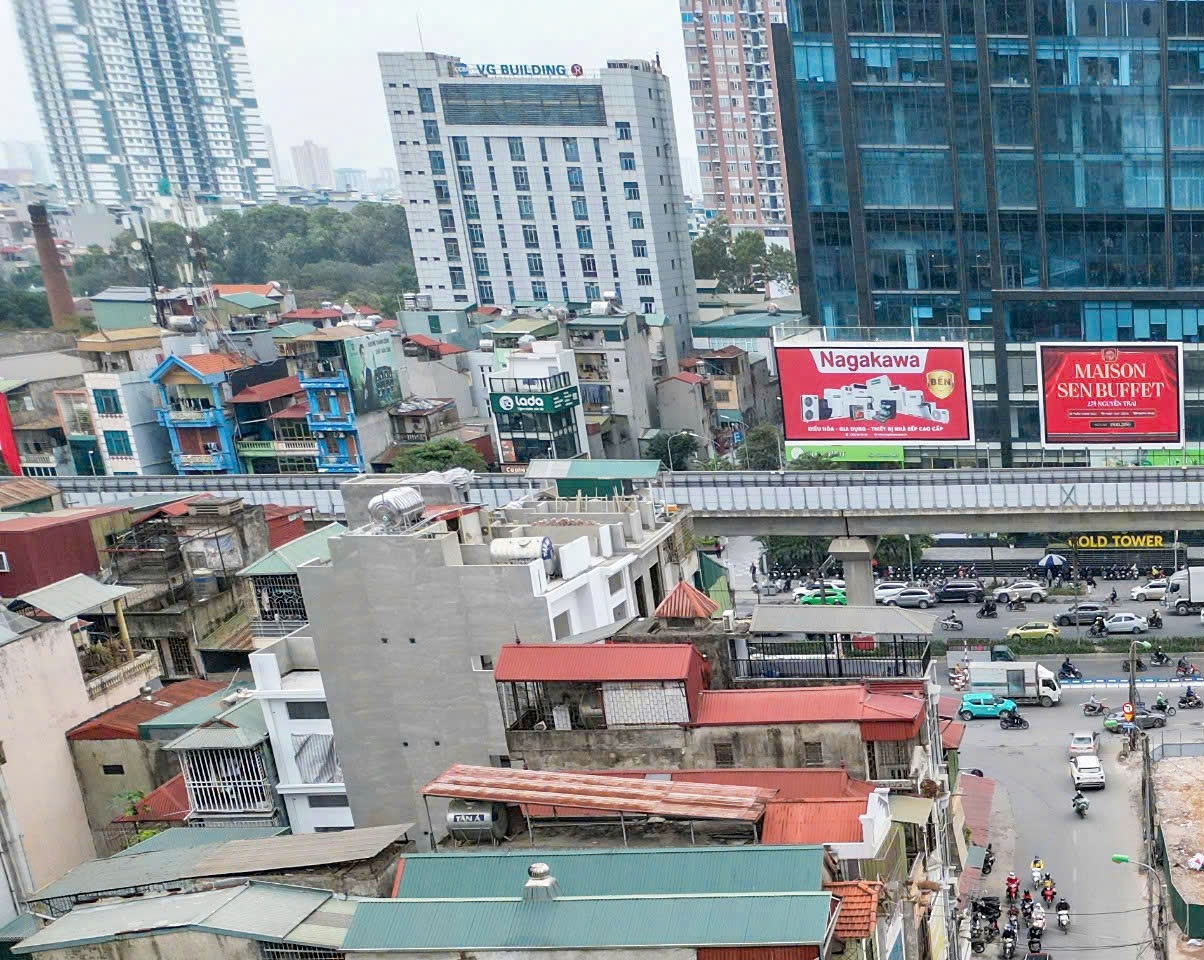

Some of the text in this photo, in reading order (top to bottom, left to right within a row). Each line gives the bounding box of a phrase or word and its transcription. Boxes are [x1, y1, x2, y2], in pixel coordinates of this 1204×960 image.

[477, 64, 496, 75] VG
[500, 64, 566, 75] BUILDING
[820, 351, 920, 371] Nagakawa
[1075, 362, 1146, 379] MAISON
[1057, 382, 1165, 398] SEN BUFFET
[1112, 535, 1163, 547] TOWER
□ □ □ □
→ Try it:
Since the pictures are not wanted, set down only the rest of each record, exactly as above.

→ Finished task:
Some of the text in this photo, in reading order (top to bottom, left to right within a row). Each line gives the bounding box of a phrase or word and its transcription. Boxes are [x1, y1, x2, y2], in pixel coordinates of this 1204×960 image.

[477, 64, 496, 75] VG
[500, 64, 566, 75] BUILDING
[820, 351, 920, 371] Nagakawa
[1075, 362, 1146, 379] MAISON
[1057, 382, 1165, 398] SEN BUFFET
[1112, 535, 1163, 547] TOWER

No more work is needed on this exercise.